■ YOUR ASSIGNMENT
Copy out only those lines running from the line with "this 1600×902 image." to the end of the listing, keeping each one exactly as it is.

■ AVAILABLE DATA
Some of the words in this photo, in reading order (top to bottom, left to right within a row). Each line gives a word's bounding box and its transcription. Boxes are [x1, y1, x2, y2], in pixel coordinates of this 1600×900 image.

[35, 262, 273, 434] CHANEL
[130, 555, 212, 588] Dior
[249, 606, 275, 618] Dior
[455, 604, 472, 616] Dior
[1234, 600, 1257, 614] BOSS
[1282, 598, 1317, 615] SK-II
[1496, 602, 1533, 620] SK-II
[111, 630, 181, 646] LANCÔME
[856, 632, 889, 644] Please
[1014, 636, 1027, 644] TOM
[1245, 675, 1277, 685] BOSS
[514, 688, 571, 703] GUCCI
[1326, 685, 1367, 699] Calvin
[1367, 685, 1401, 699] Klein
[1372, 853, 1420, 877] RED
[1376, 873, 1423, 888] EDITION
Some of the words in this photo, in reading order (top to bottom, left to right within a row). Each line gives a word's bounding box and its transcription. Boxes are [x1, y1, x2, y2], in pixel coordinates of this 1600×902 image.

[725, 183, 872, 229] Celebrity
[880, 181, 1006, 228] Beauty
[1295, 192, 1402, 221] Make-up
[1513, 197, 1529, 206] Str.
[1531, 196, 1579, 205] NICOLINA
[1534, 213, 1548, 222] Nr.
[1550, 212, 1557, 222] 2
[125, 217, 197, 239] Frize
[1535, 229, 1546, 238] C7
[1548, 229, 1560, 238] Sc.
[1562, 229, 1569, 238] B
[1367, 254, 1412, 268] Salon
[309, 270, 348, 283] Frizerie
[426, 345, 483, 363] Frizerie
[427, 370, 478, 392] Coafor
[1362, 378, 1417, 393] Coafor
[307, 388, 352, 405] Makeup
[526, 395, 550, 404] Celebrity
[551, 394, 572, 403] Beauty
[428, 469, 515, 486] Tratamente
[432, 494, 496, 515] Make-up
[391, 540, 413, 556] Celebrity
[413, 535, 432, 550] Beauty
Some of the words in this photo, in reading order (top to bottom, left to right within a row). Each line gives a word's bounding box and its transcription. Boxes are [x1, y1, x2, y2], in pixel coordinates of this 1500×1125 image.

■ EXERCISE RESULT
Some of the words in this photo, in reading order (top to bottom, left to right within a row). Each line gives a word's bounding box and its transcription. Boxes are [x1, y1, x2, y2], in pixel coordinates of this 1600×902 image.

[725, 183, 872, 229] Celebrity
[880, 181, 1006, 228] Beauty
[1295, 192, 1402, 221] Make-up
[1513, 197, 1529, 206] Str.
[1531, 196, 1579, 205] NICOLINA
[1534, 213, 1548, 222] Nr.
[1550, 212, 1557, 222] 2
[125, 217, 197, 239] Frize
[1535, 229, 1546, 238] C7
[1548, 229, 1560, 238] Sc.
[1562, 229, 1569, 238] B
[1367, 254, 1412, 268] Salon
[309, 270, 348, 283] Frizerie
[426, 345, 483, 363] Frizerie
[427, 370, 478, 392] Coafor
[1362, 378, 1417, 393] Coafor
[307, 388, 352, 405] Makeup
[526, 395, 550, 404] Celebrity
[551, 394, 572, 403] Beauty
[428, 469, 515, 486] Tratamente
[432, 494, 496, 515] Make-up
[391, 540, 413, 556] Celebrity
[413, 535, 432, 550] Beauty
Some of the words in this photo, in reading order (top to bottom, left to right within a row). Each line gives a word's bounding box and its transcription. Boxes are [x1, y1, x2, y2], in pixel coordinates of this 1500×1125 image.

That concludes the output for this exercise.